Venom is a CLI (Command Line Interface) that aims to create, manage and run your integration tests with efficiency.
Venom allows you to handle integration tests the same way you code your application. With Venom, testcases will be managed as code: the readability of the tests means that the tests are part of the code reviews. Thanks to that, write and execute testsuites become easier for developers and teams.
Concretely, you have to write testsuite in a YAML file. Venom run executors (scripts, HTTP Request, web, IMAP, etc.) and apply assertions. It can also generate xUnit result files.
You can find latest binary release from: https://github.com/ovh/venom/releases/latest/.
Example for Linux:
$ curl https://github.com/ovh/venom/releases/download/v1.1.0/venom.linux-amd64 -L -o /usr/local/bin/venom && chmod +x /usr/local/bin/venom
$ venom -h
You can update to the latest version with venom update
command:
$ venom update
The venom update
command will download the latest version and replace the current binary:
Url to update venom: https://github.com/ovh/venom/releases/download/v1.1.0/venom.darwin-amd64
Getting latest release from: https://github.com/ovh/venom/releases/download/v1.1.0/venom.darwin-amd64 ...
Update done.
Check the new version with venom version
command:
$ venom version
Version venom: v1.1.0
Instead of installing (and updating) Venom locally, Venom can be started as a Docker image with following commands.
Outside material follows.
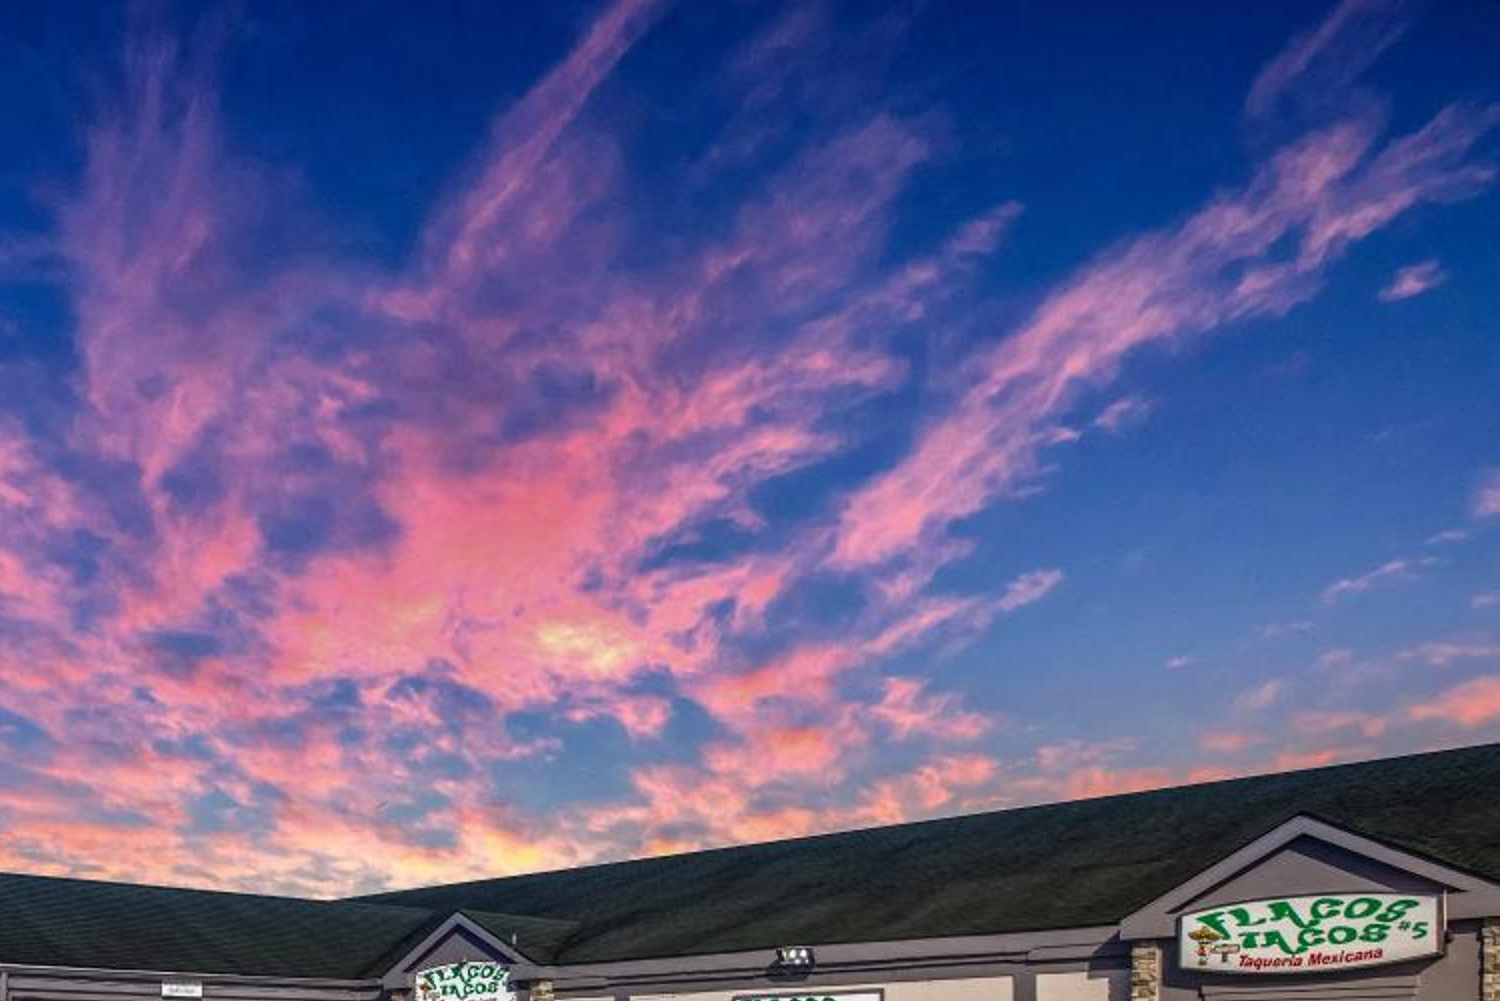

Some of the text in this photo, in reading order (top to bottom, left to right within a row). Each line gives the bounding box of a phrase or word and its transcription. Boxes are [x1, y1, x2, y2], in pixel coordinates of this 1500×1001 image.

Considering your testsuites are in ./tests
directory in your current directory and your test library is under ./tests/lib
, the results will be available under the results
directory.
$ mkdir -p results
$ docker run --mount type=bind,source=$(pwd)/tests,target=/workdir/tests --mount type=bind,source=$(pwd)/results,target=/workdir/results ovhcom/venom:latest
Please refer to https://hub.docker.com/r/ovhcom/venom/tags to get the available image tags.
venom
CLI is composed of several commands:
$ venom -h
Venom - RUN Integration Tests
Usage:
venom [command]
Available Commands:
help Help about any command
run Run Tests
update Update venom to the latest release version: venom update
version Display Version of venom: venom version
Flags:
-h, --help help for venom
Use "venom [command] --help" for more information about a command.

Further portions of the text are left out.